- Task objective:
Restate the listing below word for word.

=== Begin Enclosure ===

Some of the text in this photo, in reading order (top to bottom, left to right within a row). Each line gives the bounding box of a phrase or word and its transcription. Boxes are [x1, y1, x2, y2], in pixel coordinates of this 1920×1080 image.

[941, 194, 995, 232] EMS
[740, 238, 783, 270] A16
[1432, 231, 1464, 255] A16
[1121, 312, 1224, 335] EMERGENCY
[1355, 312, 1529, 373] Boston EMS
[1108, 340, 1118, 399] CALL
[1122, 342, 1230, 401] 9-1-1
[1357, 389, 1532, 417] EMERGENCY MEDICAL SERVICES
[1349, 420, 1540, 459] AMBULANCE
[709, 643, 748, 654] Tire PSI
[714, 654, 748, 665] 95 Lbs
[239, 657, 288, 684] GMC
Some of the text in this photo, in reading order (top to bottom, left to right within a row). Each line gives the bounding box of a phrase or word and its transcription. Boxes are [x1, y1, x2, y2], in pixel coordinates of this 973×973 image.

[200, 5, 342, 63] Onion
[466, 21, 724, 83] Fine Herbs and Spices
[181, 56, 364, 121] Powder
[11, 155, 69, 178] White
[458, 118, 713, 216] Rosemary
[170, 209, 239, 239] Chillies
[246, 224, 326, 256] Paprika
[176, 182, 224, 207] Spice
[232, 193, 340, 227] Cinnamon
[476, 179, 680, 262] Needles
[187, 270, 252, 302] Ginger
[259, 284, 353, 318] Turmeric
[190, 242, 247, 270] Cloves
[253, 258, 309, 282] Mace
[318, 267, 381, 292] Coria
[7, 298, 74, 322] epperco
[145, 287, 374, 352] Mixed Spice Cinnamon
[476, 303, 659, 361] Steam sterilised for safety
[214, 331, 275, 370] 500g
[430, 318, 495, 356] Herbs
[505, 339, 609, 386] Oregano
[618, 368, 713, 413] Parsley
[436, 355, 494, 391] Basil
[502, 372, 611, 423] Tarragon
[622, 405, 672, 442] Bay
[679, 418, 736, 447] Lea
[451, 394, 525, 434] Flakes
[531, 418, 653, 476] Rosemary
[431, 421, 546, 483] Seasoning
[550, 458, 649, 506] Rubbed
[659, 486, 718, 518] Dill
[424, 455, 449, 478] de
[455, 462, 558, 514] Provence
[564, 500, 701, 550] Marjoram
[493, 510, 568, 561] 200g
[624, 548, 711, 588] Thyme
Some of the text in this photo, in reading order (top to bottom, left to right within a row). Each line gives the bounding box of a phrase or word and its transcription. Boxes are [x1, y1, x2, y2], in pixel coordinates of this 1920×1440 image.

=== End Enclosure ===

- Written answer:
Some of the text in this photo, in reading order (top to bottom, left to right within a row). Each line gives the bounding box of a phrase or word and its transcription. Boxes are [x1, y1, x2, y2], in pixel coordinates of this 1920×1080 image.

[941, 194, 995, 232] EMS
[740, 238, 783, 270] A16
[1432, 231, 1464, 255] A16
[1121, 312, 1224, 335] EMERGENCY
[1355, 312, 1529, 373] Boston EMS
[1108, 340, 1118, 399] CALL
[1122, 342, 1230, 401] 9-1-1
[1357, 389, 1532, 417] EMERGENCY MEDICAL SERVICES
[1349, 420, 1540, 459] AMBULANCE
[709, 643, 748, 654] Tire PSI
[714, 654, 748, 665] 95 Lbs
[239, 657, 288, 684] GMC
Some of the text in this photo, in reading order (top to bottom, left to right within a row). Each line gives the bounding box of a phrase or word and its transcription. Boxes are [x1, y1, x2, y2], in pixel coordinates of this 973×973 image.

[200, 5, 342, 63] Onion
[466, 21, 724, 83] Fine Herbs and Spices
[181, 56, 364, 121] Powder
[11, 155, 69, 178] White
[458, 118, 713, 216] Rosemary
[170, 209, 239, 239] Chillies
[246, 224, 326, 256] Paprika
[176, 182, 224, 207] Spice
[232, 193, 340, 227] Cinnamon
[476, 179, 680, 262] Needles
[187, 270, 252, 302] Ginger
[259, 284, 353, 318] Turmeric
[190, 242, 247, 270] Cloves
[253, 258, 309, 282] Mace
[318, 267, 381, 292] Coria
[7, 298, 74, 322] epperco
[145, 287, 374, 352] Mixed Spice Cinnamon
[476, 303, 659, 361] Steam sterilised for safety
[214, 331, 275, 370] 500g
[430, 318, 495, 356] Herbs
[505, 339, 609, 386] Oregano
[618, 368, 713, 413] Parsley
[436, 355, 494, 391] Basil
[502, 372, 611, 423] Tarragon
[622, 405, 672, 442] Bay
[679, 418, 736, 447] Lea
[451, 394, 525, 434] Flakes
[531, 418, 653, 476] Rosemary
[431, 421, 546, 483] Seasoning
[550, 458, 649, 506] Rubbed
[659, 486, 718, 518] Dill
[424, 455, 449, 478] de
[455, 462, 558, 514] Provence
[564, 500, 701, 550] Marjoram
[493, 510, 568, 561] 200g
[624, 548, 711, 588] Thyme
Some of the text in this photo, in reading order (top to bottom, left to right within a row). Each line gives the bounding box of a phrase or word and its transcription. Boxes are [x1, y1, x2, y2], in pixel coordinates of this 1920×1440 image.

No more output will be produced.